**Data:**
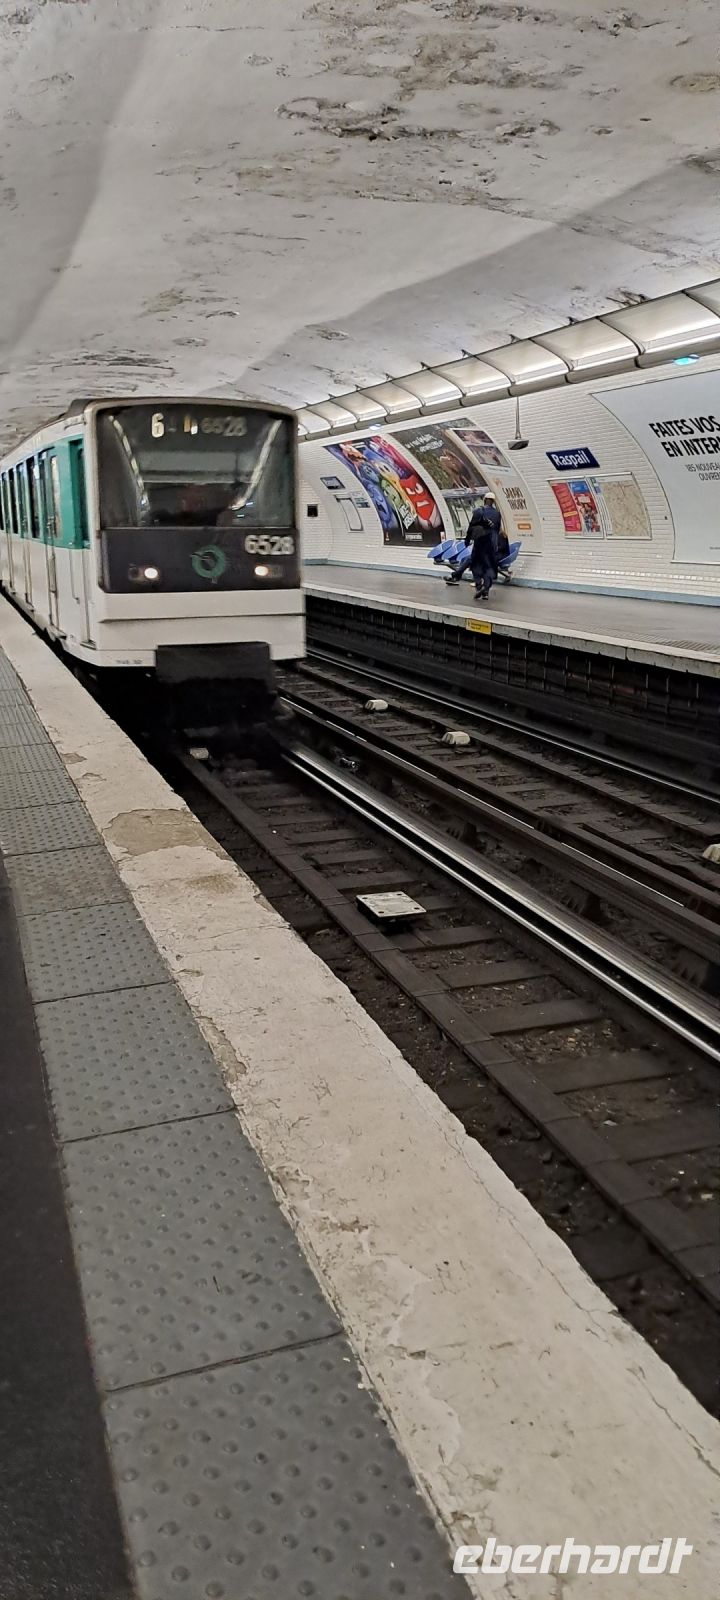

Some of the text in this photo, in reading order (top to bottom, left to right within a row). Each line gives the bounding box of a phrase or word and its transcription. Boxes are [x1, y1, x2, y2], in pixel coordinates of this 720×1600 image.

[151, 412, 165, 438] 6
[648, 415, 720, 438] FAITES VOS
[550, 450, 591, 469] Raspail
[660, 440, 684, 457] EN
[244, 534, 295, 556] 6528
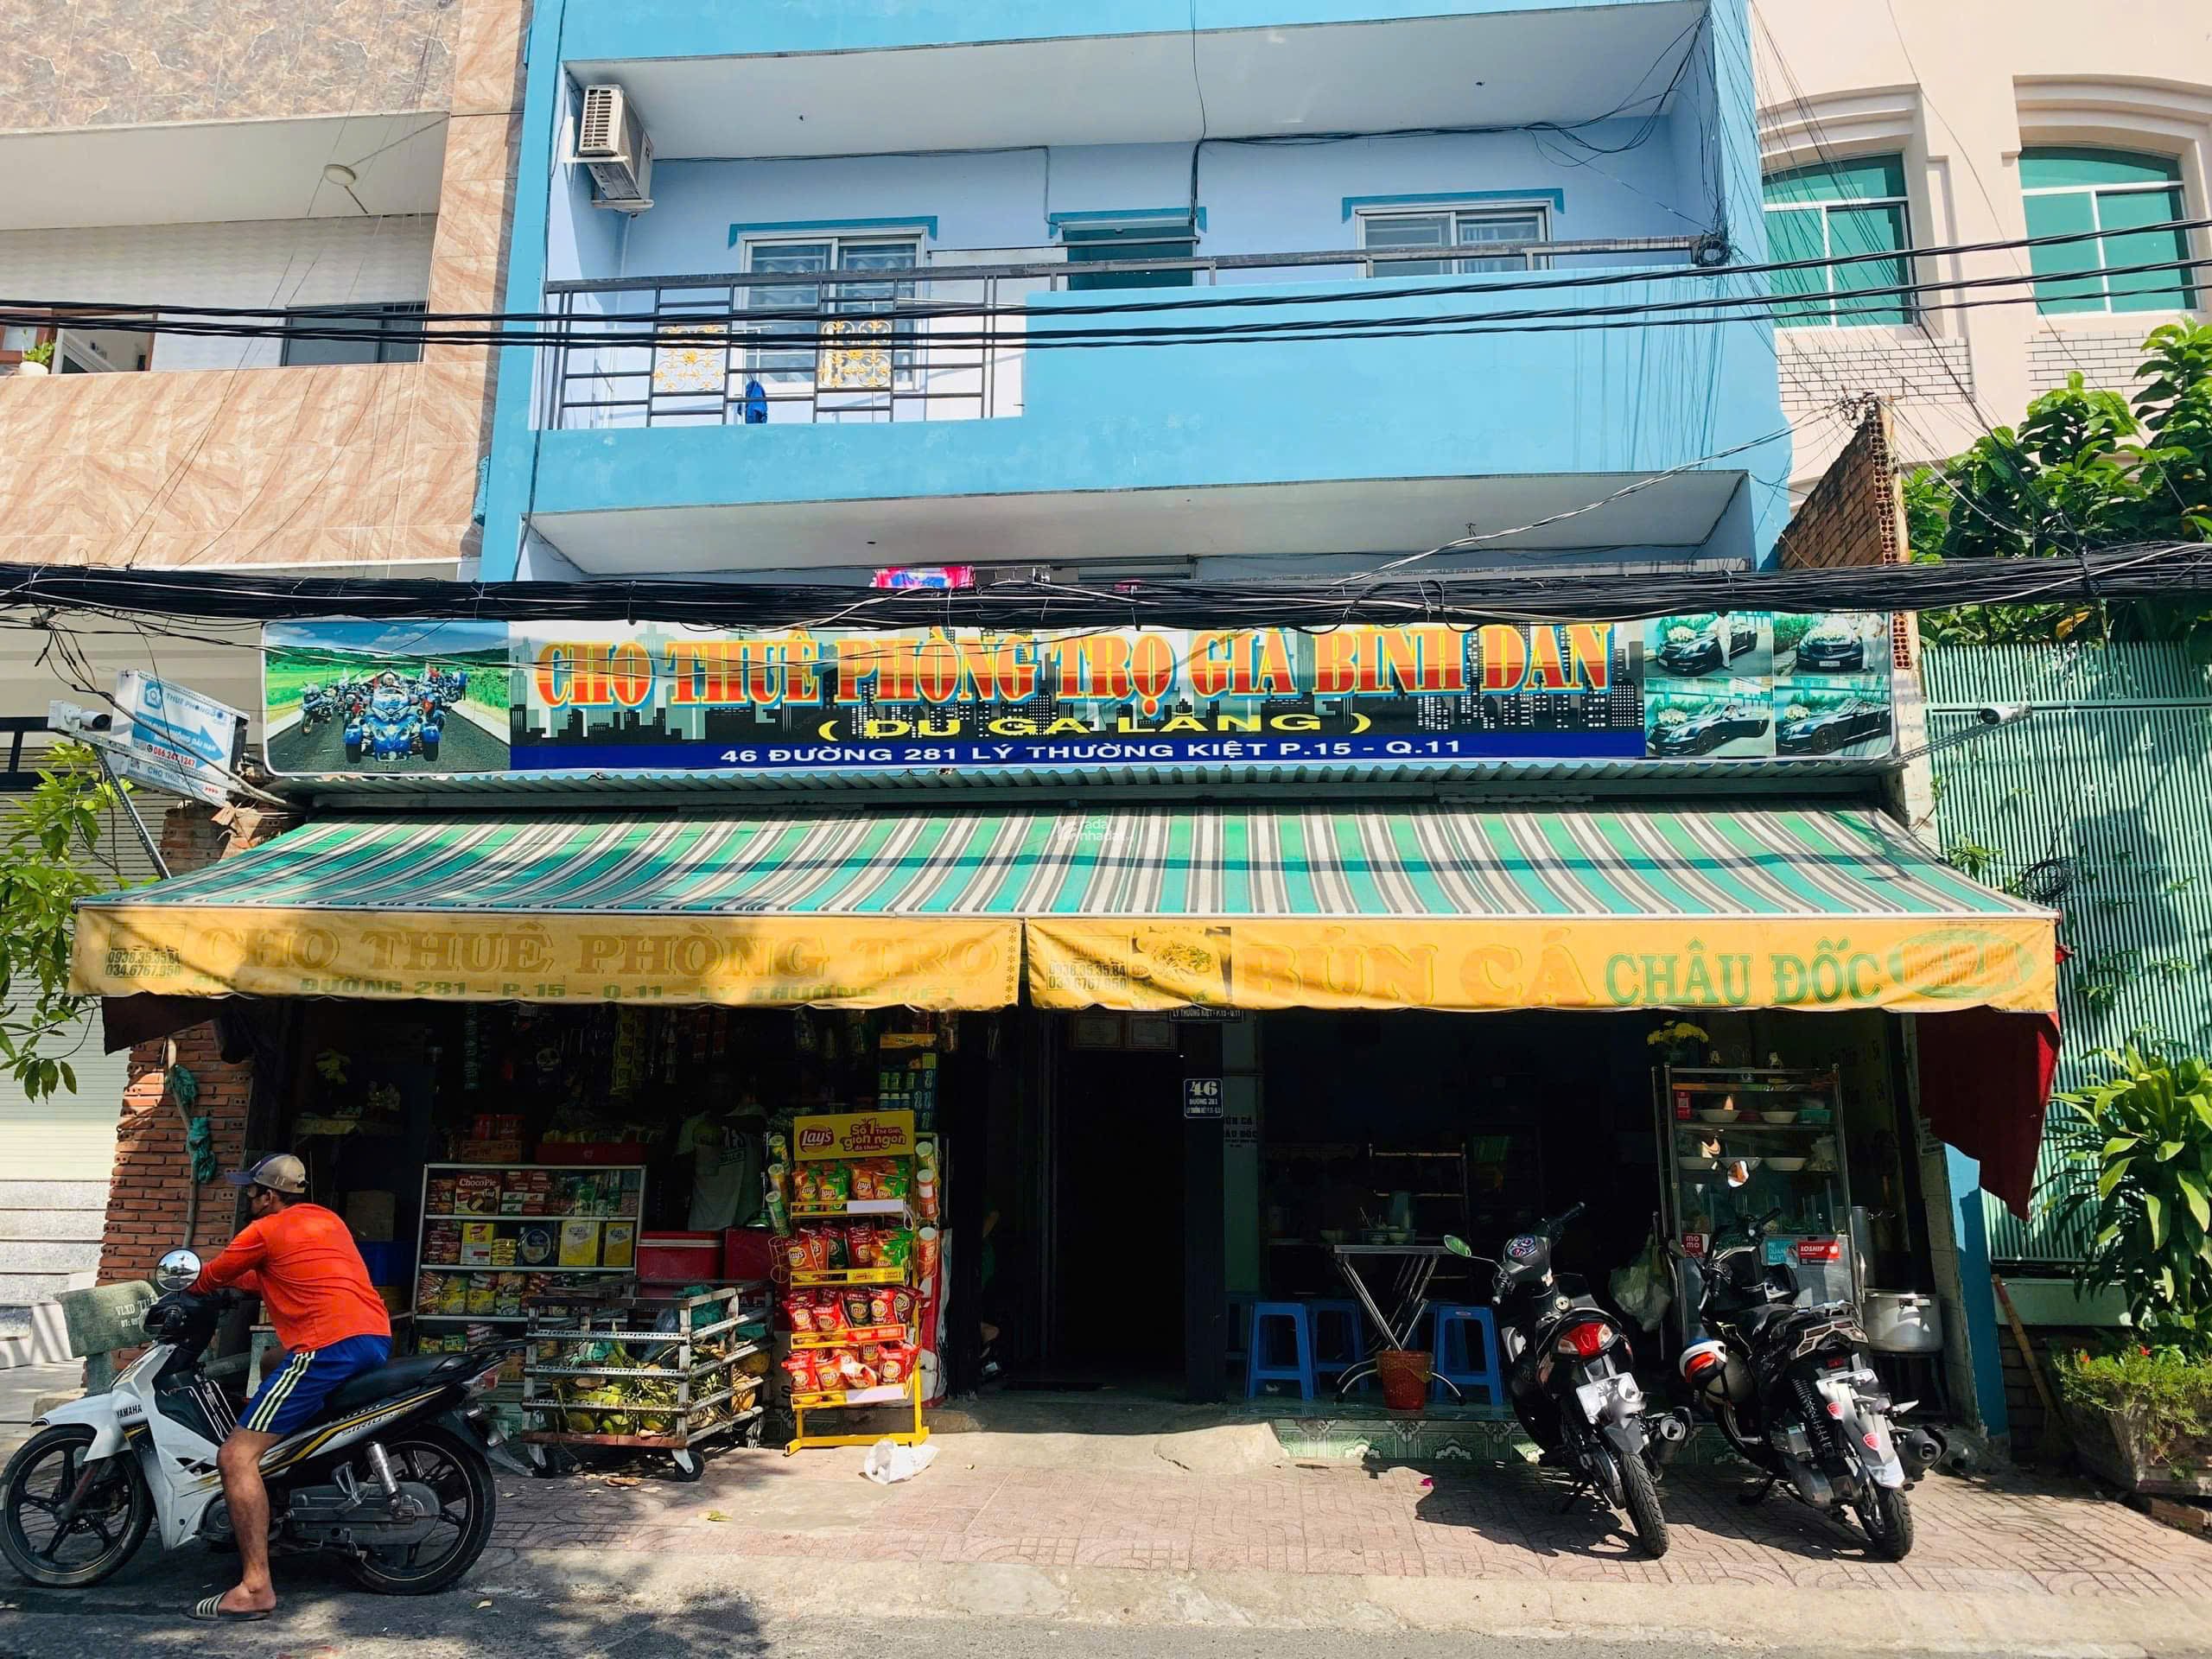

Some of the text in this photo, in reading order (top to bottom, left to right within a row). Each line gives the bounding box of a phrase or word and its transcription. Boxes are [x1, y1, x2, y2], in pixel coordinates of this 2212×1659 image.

**Task directions:** Quote every line of the records above exactly; no picture is to be copied.

**Solved problem:**
Some of the text in this photo, in reading order (top to bottom, left to right within a row). Each line gives the bounding box of a phrase or word and its transcription. Boxes are [x1, y1, x2, y2], in pixel coordinates of this 720×1600 image.

[151, 412, 165, 438] 6
[648, 415, 720, 438] FAITES VOS
[550, 450, 591, 469] Raspail
[660, 440, 684, 457] EN
[244, 534, 295, 556] 6528

Some of the text in this photo, in reading order (top to bottom, left to right within a row). Each line gives the bounding box of a phrase or word and its transcription. Boxes are [x1, y1, x2, y2], in pixel coordinates of this 2212×1659 image.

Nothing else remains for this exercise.